[WHAT IS EXPECTED]
Your copy should hold every record verbatim and none of the pictures.

Records from a data collection
^^^^^^^^

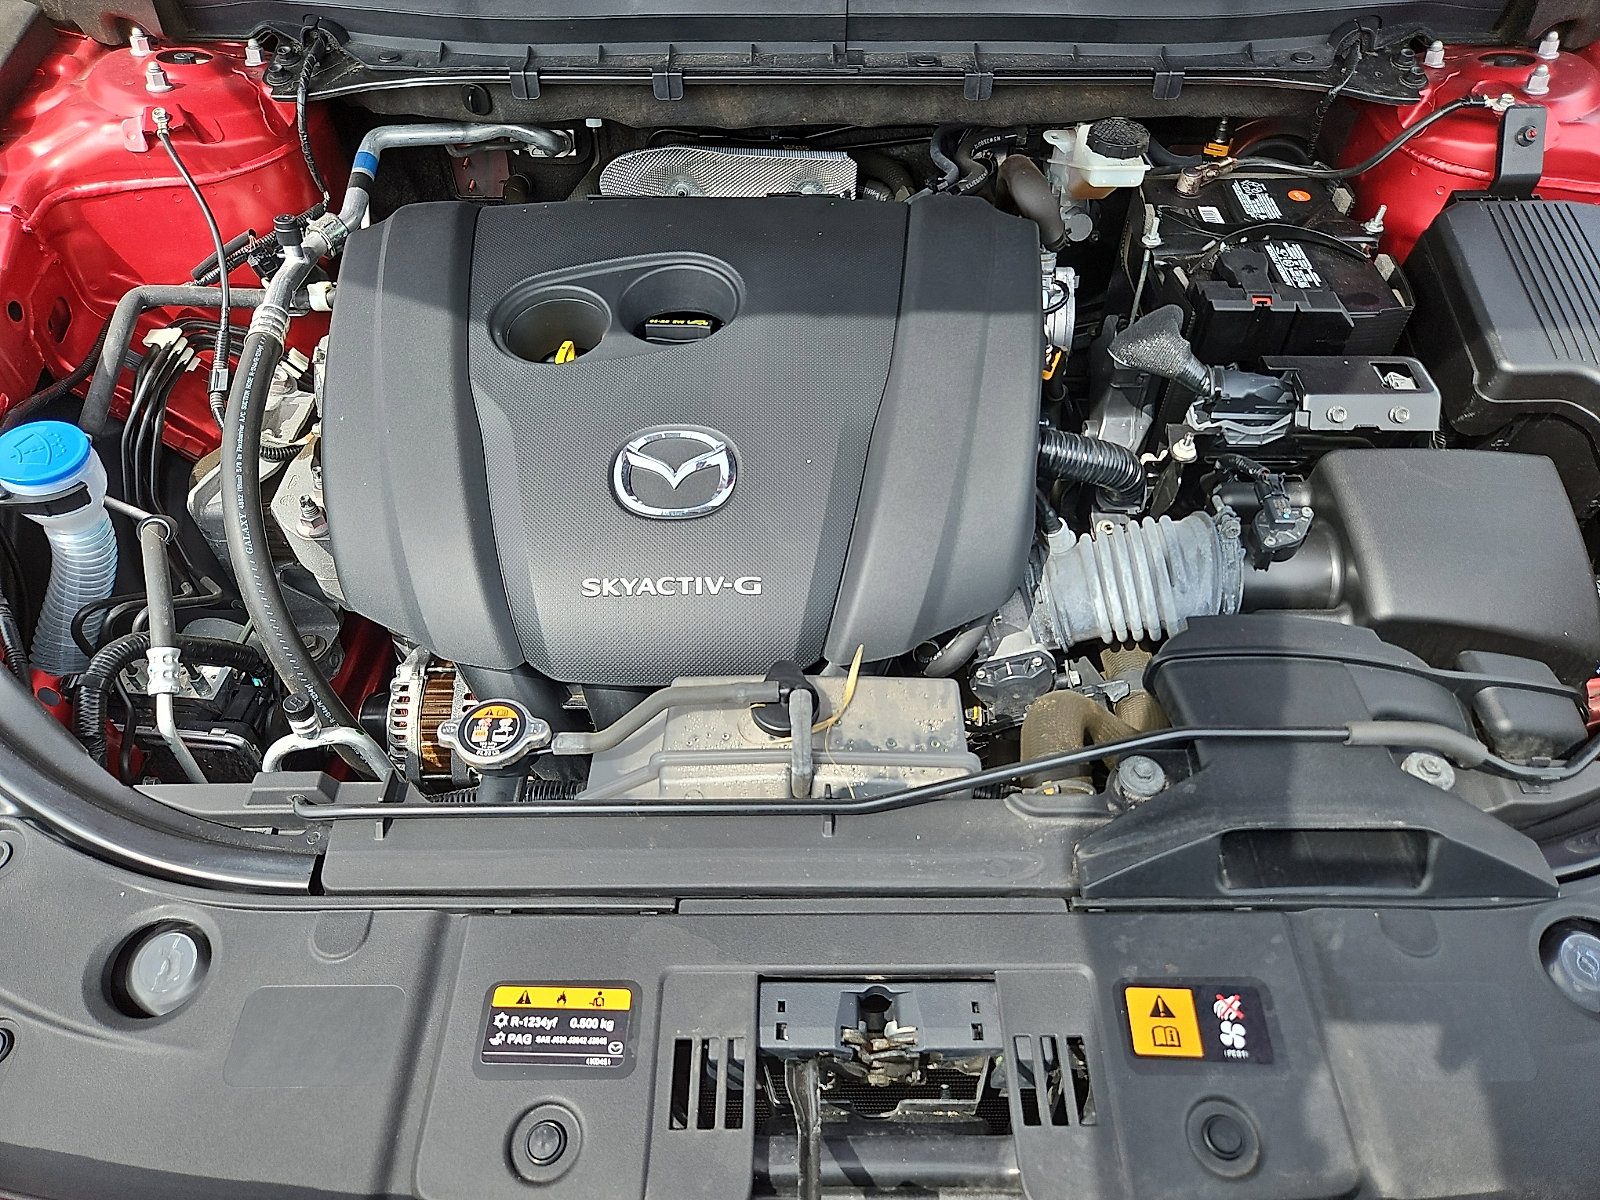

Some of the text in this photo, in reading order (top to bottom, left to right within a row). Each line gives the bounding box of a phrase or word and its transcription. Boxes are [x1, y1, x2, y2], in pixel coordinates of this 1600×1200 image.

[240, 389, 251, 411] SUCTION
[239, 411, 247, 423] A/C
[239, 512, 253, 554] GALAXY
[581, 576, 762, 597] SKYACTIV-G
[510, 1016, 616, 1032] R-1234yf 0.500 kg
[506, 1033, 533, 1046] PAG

^^^^^^^^

[ANSWER BOX]
Some of the text in this photo, in reading order (top to bottom, left to right within a row). Each line gives the bounding box of a phrase or word and its transcription. Boxes are [x1, y1, x2, y2], in pixel coordinates of this 1600×1200 image.

[240, 389, 251, 411] SUCTION
[239, 411, 247, 423] A/C
[239, 512, 253, 554] GALAXY
[581, 576, 762, 597] SKYACTIV-G
[510, 1016, 616, 1032] R-1234yf 0.500 kg
[506, 1033, 533, 1046] PAG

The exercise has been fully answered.